It was the Australia Day long weekend last weekend, so I took advantage of the extra day off to go and visit my mother interstate. The days are long and hot in Queensland at the moment, and summer fruit is in abundance.
Mum had bought me a lot of cherries (500g) for just three days, and I didn't want to waste them, so I decided to make a Fresh Cherry Cake (against my mother's wishes - she doesn't like me using her kitchen).
The recipe that I chose for my cake came from An Italian in My Kitchen. You can find it here. I chose this recipe for its simplicity - oil instead of butter (my mother only has margarine), not too many steps, and not too overdone. There wasn't any Greek yoghurt at home so I used a little cream and upped the milk. The hardest part was pitting the cherries without a cherry pitter or even a skewer - I ended up chopping the cherries in half and removing the pit by hand. It was a little messy, but pitting cherries is messy no matter how you do it - just make sure you do it over the sink and protect your clothes from any stray juice.
I think my cake came up quite handsomely and it tasted delicious. I paired my slice with a little icecream:
When it is cherry season at your place, make this cake! You will need (with my adaptations to suit what I had on hand):
2 cups pitted cherries
1 1/4 cups + 2 tablespoons plain flour
1 1/2 teaspoons baking powder
1/4 teaspoon baking soda (bicarbonate of soda)
2 large eggs
1/2 cup + 2 1/2 tablespoons sugar (hey, I did what Rosemary said and it worked)

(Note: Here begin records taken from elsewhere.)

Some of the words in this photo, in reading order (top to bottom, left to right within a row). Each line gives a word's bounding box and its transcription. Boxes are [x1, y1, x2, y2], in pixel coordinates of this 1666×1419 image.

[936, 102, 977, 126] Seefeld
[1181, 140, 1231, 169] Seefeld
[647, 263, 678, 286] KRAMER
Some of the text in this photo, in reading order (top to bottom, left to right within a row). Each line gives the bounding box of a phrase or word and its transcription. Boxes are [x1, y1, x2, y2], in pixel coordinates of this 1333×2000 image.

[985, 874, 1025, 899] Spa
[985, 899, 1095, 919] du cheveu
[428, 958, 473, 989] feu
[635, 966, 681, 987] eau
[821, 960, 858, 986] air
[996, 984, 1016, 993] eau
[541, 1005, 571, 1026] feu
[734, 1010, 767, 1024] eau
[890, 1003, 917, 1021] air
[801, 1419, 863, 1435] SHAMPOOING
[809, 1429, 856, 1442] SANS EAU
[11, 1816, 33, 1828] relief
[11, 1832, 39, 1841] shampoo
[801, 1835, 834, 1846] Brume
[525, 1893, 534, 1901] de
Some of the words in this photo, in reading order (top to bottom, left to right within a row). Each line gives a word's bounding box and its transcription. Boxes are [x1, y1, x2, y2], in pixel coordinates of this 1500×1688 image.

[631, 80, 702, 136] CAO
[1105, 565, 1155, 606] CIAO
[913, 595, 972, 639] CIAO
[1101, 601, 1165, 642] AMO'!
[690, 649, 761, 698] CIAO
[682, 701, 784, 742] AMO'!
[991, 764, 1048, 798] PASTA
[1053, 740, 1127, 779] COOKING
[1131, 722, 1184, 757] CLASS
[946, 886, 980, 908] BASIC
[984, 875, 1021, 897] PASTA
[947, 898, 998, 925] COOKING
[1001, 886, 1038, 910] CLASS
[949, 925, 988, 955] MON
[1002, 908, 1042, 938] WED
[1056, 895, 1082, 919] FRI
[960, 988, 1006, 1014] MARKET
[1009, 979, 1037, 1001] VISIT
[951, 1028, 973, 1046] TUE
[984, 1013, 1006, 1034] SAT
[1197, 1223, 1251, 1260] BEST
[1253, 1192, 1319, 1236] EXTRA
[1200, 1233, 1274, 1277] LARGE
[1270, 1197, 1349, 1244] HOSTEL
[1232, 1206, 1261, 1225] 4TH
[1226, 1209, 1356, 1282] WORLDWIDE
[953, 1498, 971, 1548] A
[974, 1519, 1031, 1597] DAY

1 teaspoon vanilla extract
1/4 cup canola oil or other flavourless vegetable oil
1/4 cup light cream
1/2 cup milk
Preheat your oven to 180 degrees Celsius, and grease and line (with baking paper) an 8" springform pan and put it on a baking tray (so that the butter or oil you greased your pan with doesn't leak into the bottom of your oven during baking).
Sift the flour, baking powder and baking soda together into a bowl and set aside.
Crack the eggs and place with the sugar into the bowl of a stand mixer fitted with the whisk attachment (though the paddle is fine!!) and beat together until creamy, fluffy and roughly doubled in volume. Beat in the vanilla extract, then pour in the oil slowly in a steady stream, continuing to whisk.
Change the mixer attachment to the paddle. Combine the milk and cream in a cup or jug, add to the cake mixture and combine well. Eyeball the flour into thirds and add a third at a time to the cake batter, gently just combining each lot of flour with the cake batter before adding the next lot. Don't overbeat unless you want a hockey puck.
Remove the bowl from the mixer. Using a rubber spatula, gently fold half of the pitted cherries through the cake batter, then scrape the batter into the lined springform pan. Top the batter evenly with the remaining cherries and press them down gently so they meld with the top of the cake.
Bake the cake in the preheated oven for approximately 45 minutes or until cooked through and lightly golden. (Use a cake tester and see if it comes out clean when pushed into the middle of the cake, or press gently on the middle of the cake and it will spring back if cooked.)
Remove the cake from the oven and allow it to cool in the tin for around 20 minutes (fruity cakes tend to be more fragile than others and can fall apart if unmoulded too soon) before unmoulding onto a wire rack to cool completely.
Slice, serve and enjoy!!
Ooh I love that this looks chock full of cherries!
ReplyDeleteI hope your mum enjoyed a slice - I would have - looks lovely - and good on your for having a go at baking in your mum's kitchen - a friend of mine says she was never allowed to cook in her mum's kitchen and still isn't - while my mum rules the kitchen, she has always let me bake as long as she could put her oar in
ReplyDeleteIsn’t it funny how all these years later our mothers either don’t trust us in their kitchen or want to tell us how to do it. My mum does both. I am always very careful not to ask if she has this or that, to make as little mess as possible, and to clean up immediately to keep tensions as low as possible.